If you’re securing a mortgage on a new home, or even refinancing your current mortgage, you may be debating between a 15-year and a 30-year mortgage. Both can be great tools towards owning a home, but it’s important to find the best fit for you and your situation. Here are some pros and cons of each one to help you figure out which one you should choose:
Choose the 15-year mortgage if:
– You can afford it. The 15-year mortgage won’t be double the monthly payment of the 30-year but it will be significantly more. You’ll need to factor in that extra amount, along with your insurance costs, taxes and HOA fees to determine if the larger payment is possible for you. For example, on a 200,000 loan, a 15-year loan at 3.57% would be $1436 per month while a 30-year loan at 4.55% would be $1019, a difference of $417 per month.

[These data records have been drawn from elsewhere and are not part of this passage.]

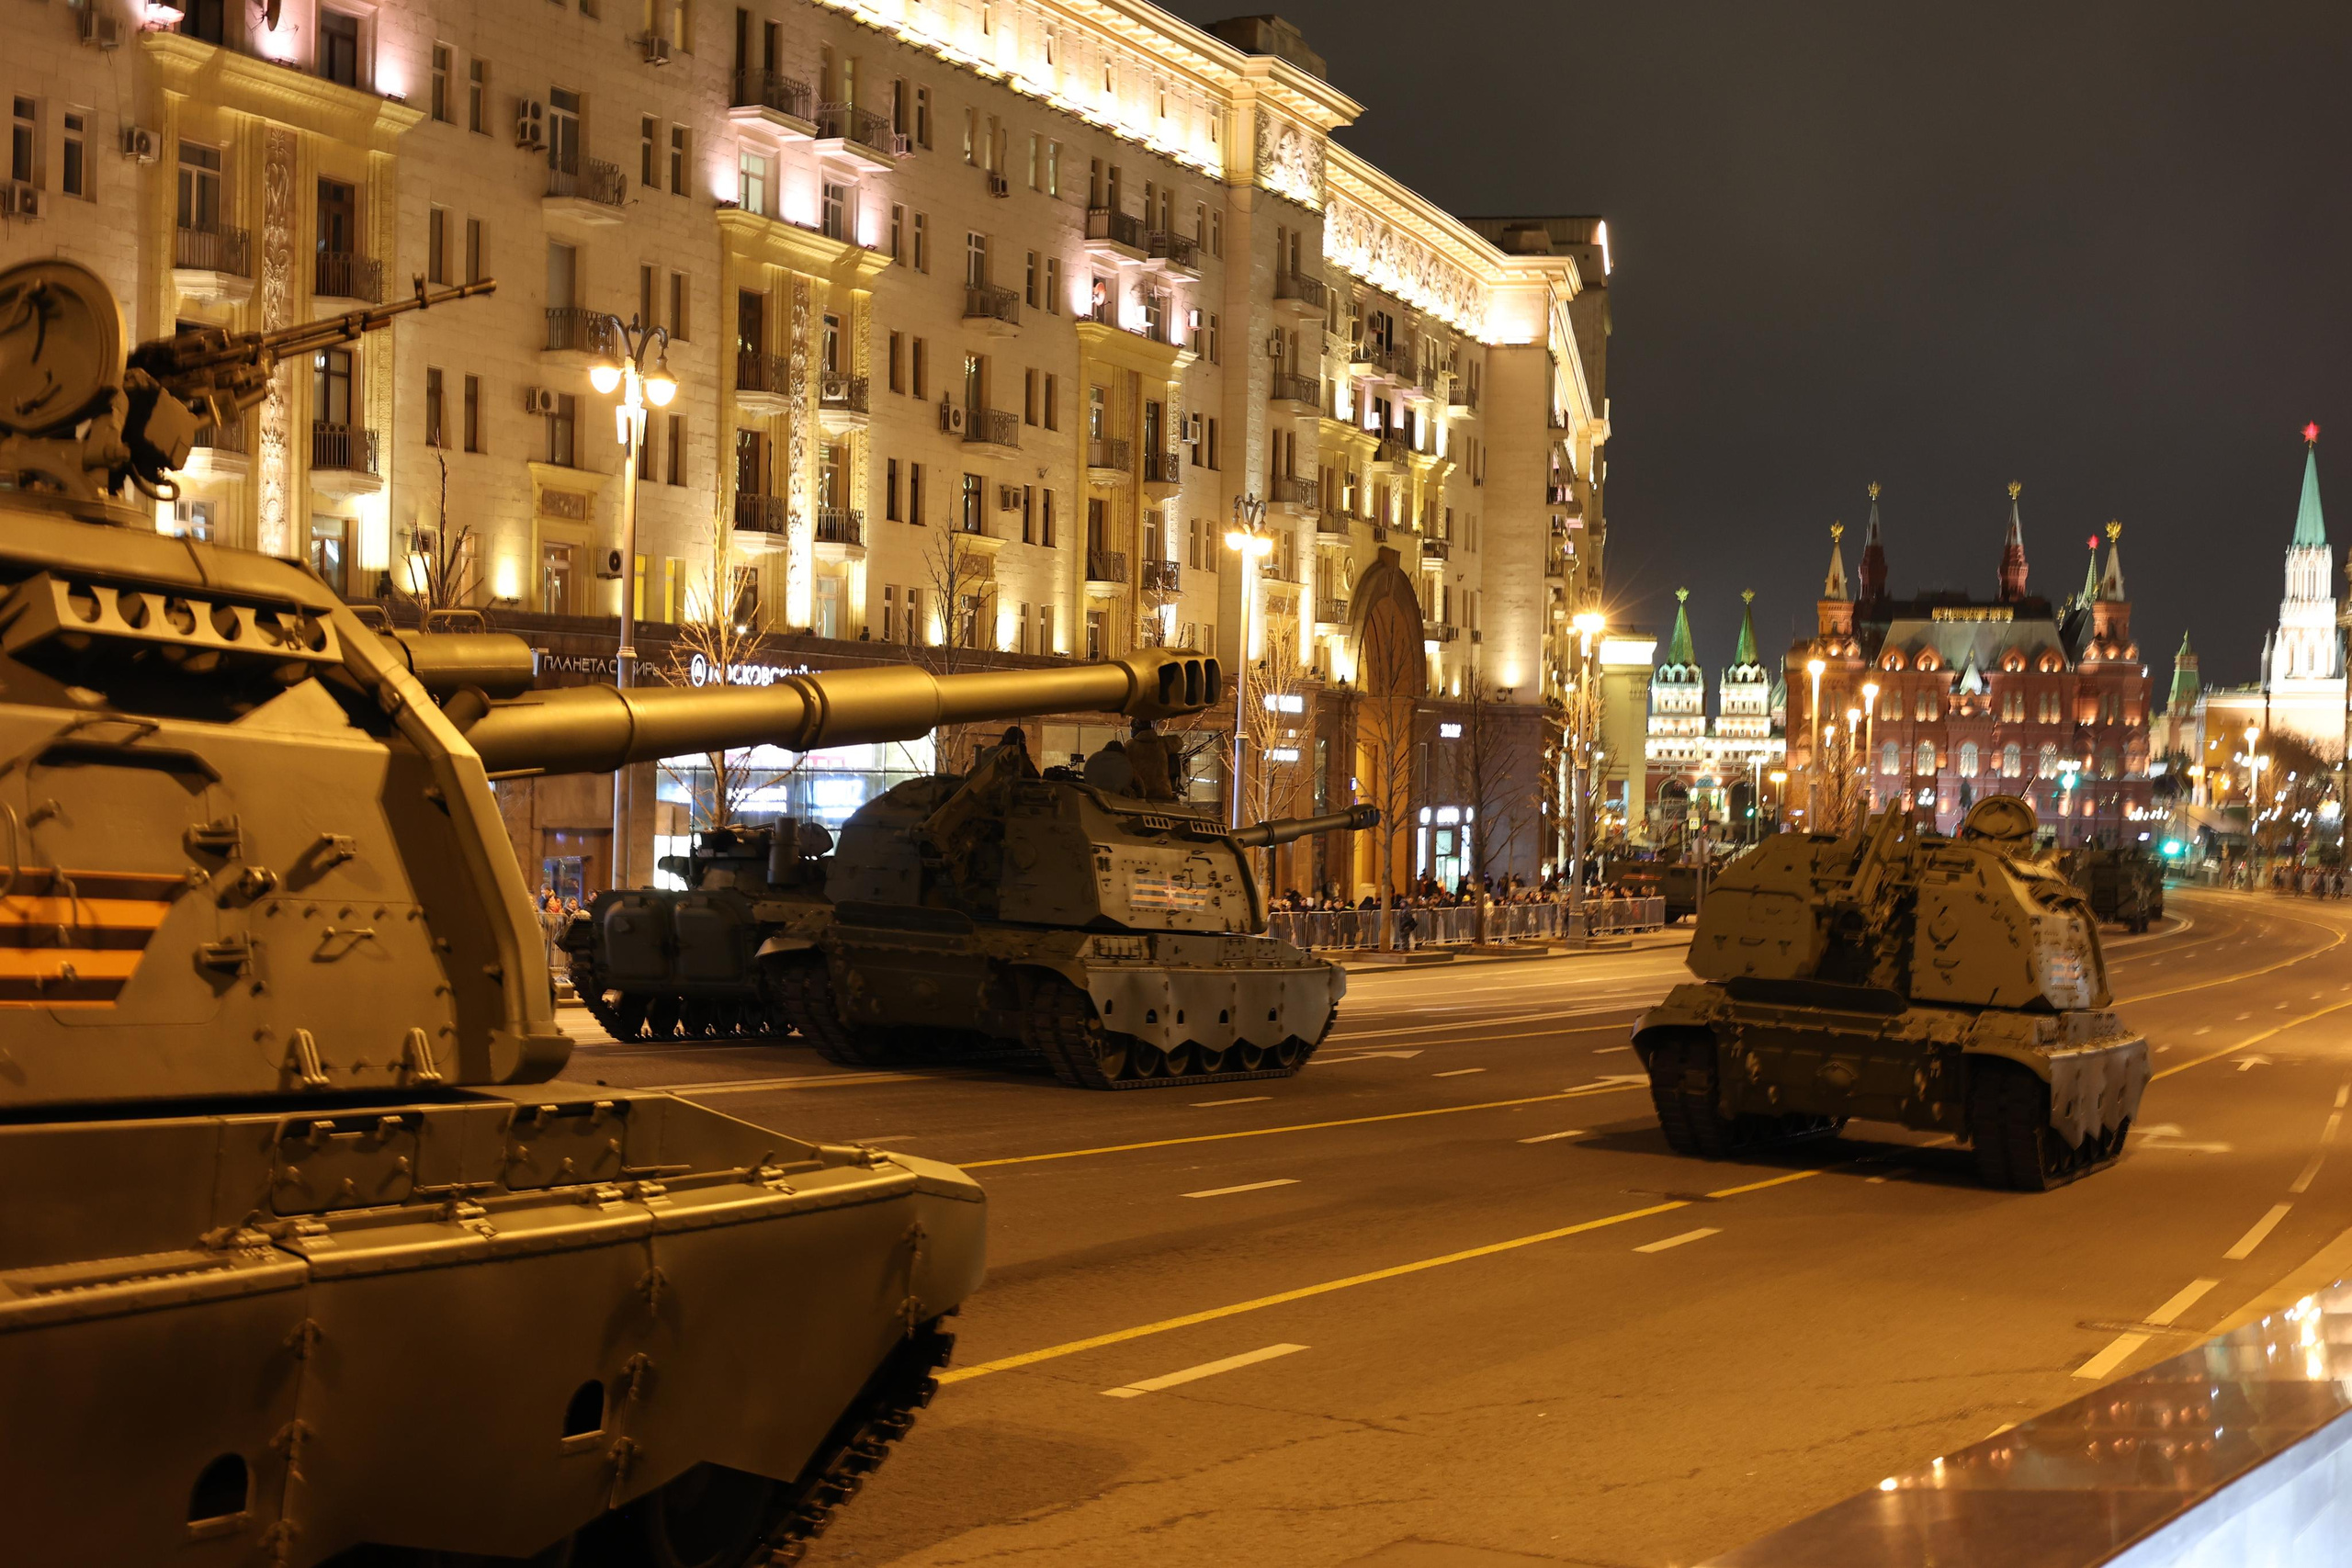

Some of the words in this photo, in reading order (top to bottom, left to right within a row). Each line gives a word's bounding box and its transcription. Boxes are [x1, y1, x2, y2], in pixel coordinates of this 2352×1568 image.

[543, 655, 607, 673] ПЛАНЕТА
[608, 660, 660, 677] СИРЬ
[708, 663, 808, 687] МСКОВС
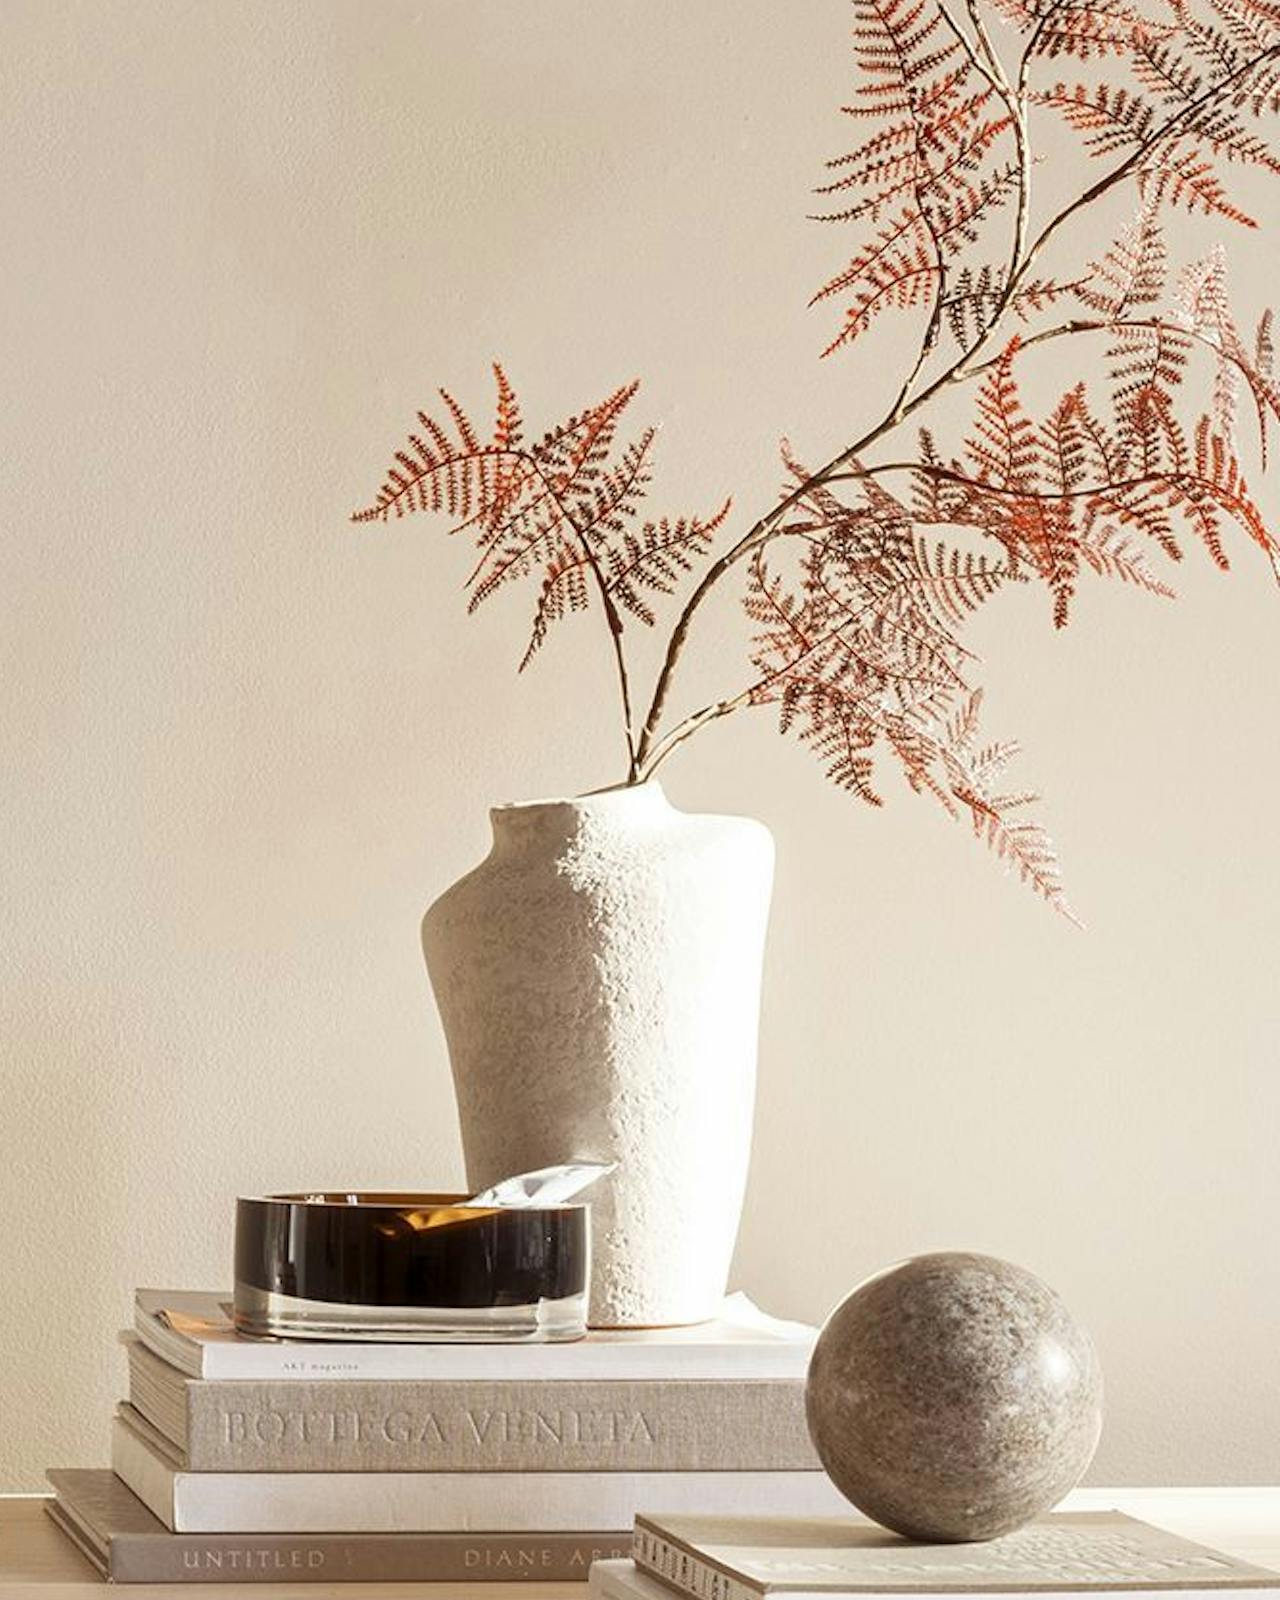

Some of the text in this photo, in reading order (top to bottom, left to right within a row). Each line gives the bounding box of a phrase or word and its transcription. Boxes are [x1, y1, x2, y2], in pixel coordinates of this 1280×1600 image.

[222, 1410, 657, 1446] BOTTEGA VENETA
[183, 1549, 326, 1568] UNTITLED
[464, 1549, 553, 1568] DIANE
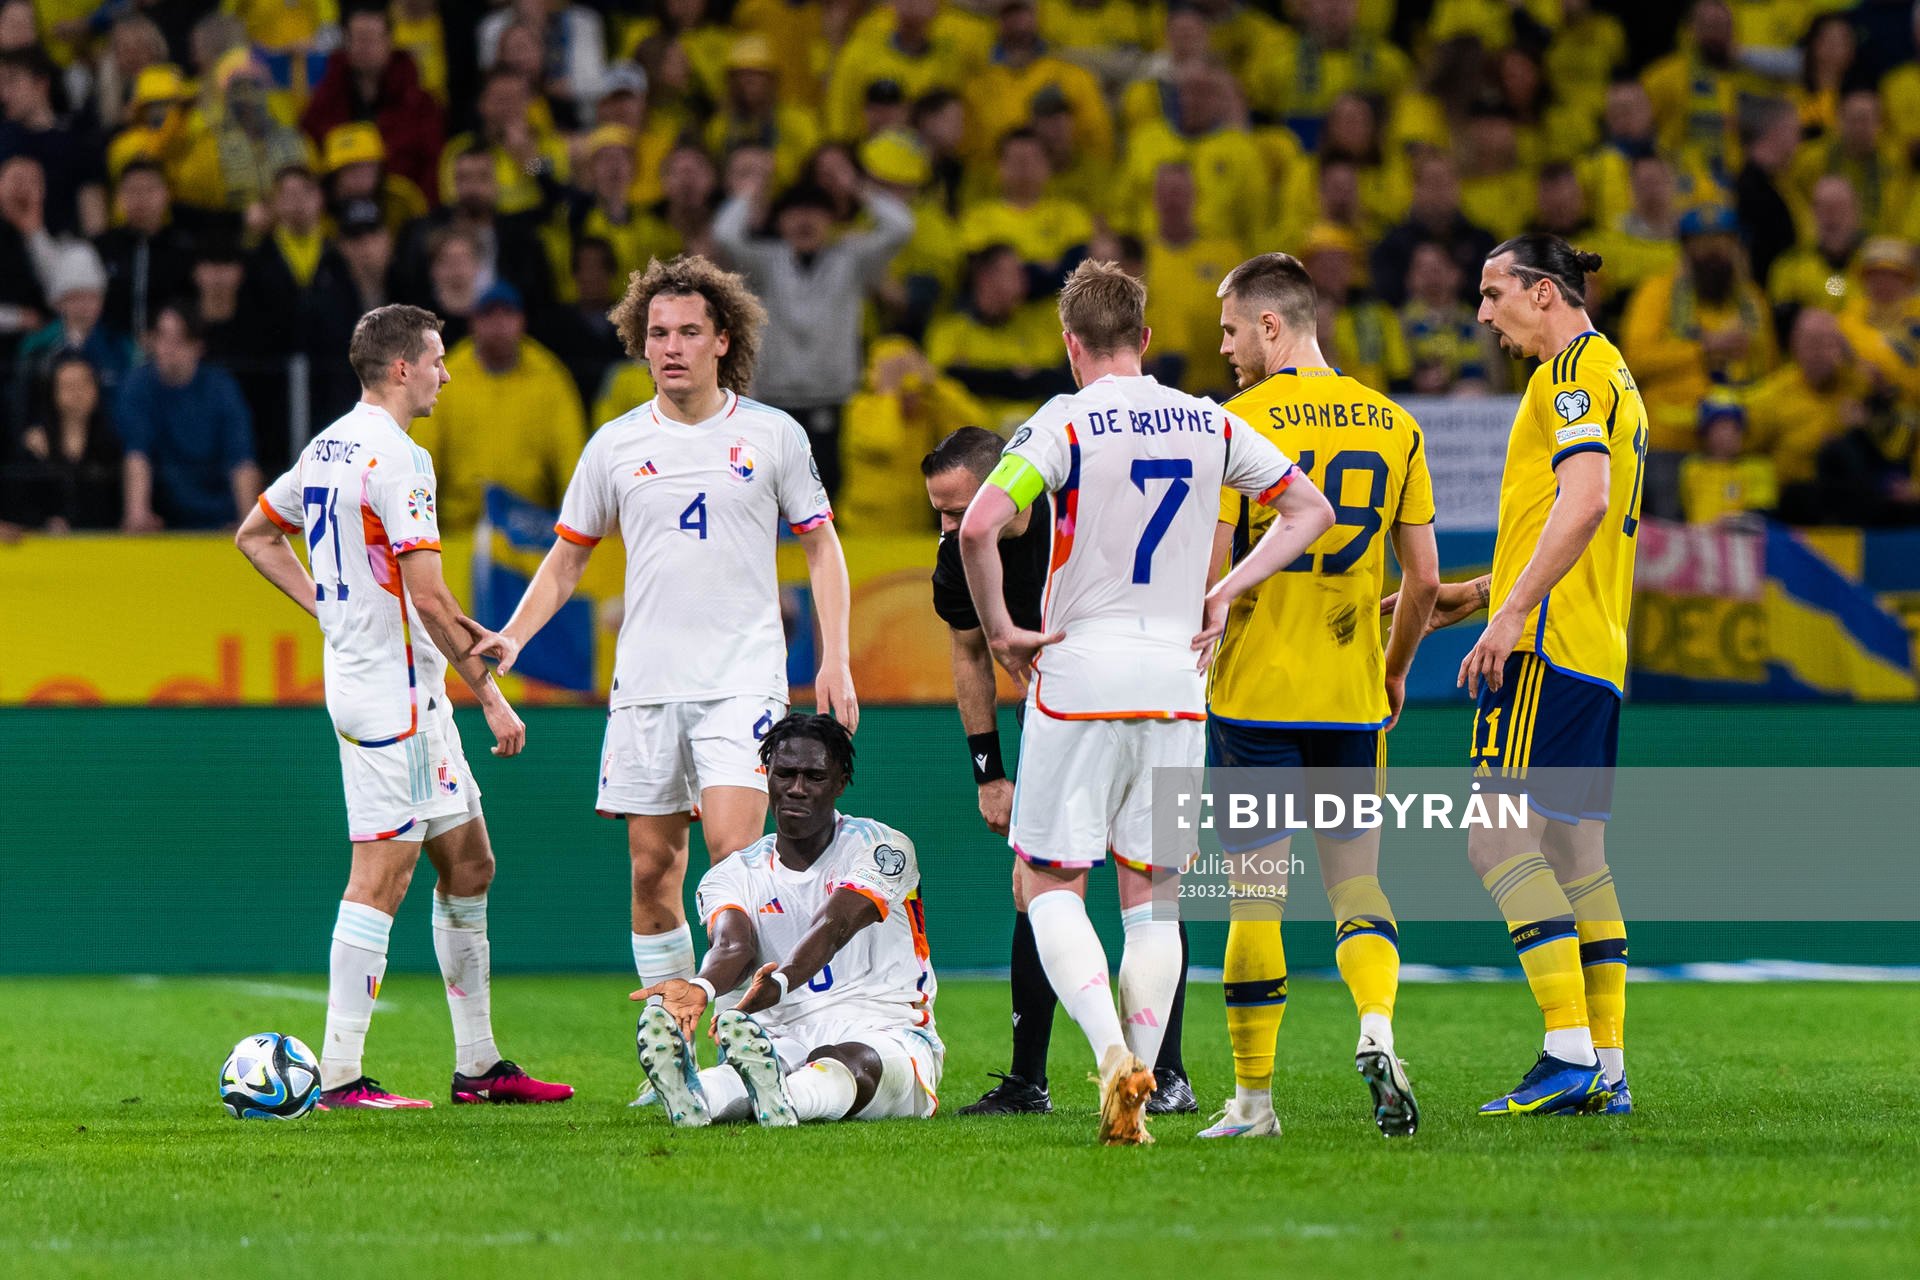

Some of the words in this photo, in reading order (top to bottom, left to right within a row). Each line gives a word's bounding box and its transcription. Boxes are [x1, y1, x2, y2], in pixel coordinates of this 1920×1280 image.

[1088, 409, 1122, 436] DE
[1128, 407, 1216, 436] BRUYNE
[1269, 403, 1394, 430] SVANBERG
[679, 492, 708, 540] 4
[1130, 458, 1193, 584] 7

– You want to work towards not having a mortgage payment at all. On a 15-year mortgage, you’ll pay back the loan in half the time and therefore will be paying less in overall interest while also building equity faster. If you have goals of being completely debt-free, you’ll want to choose the 15-year to get there faster.
– Your income is stable. The increased cost of a 15-year mortgage can sometimes be burdensome for people, especially those with varying income. But if you anticipate that your income will be stable and you’ll be able to pay your mortgage for the lifetime of the loan, go for it!
Choose the 30-year mortgage if:
– You want to save more money for home improvements. If your new home needs work, selecting a 30-year mortgage will give you more cash to use for home improvements and renovations over the years that could bring great value to your home.
– You have other debt. If you have the cash flow to accommodate the larger payment but aren’t meeting any of your other financial goals, like paying off debt, you may want to consider choosing the 30-year option because it gives you greater flexibility in paying off other debts more quickly.
– You want the flexibility. If you like the idea of paying down your mortgage quickly but don’t like the idea of taking on so much financial risk, you could also consider choosing the 30-year mortgage but making additional principal payments each month. Just check to make sure there are no prepayment options so that you wouldn’t be penalized for paying off the loan early.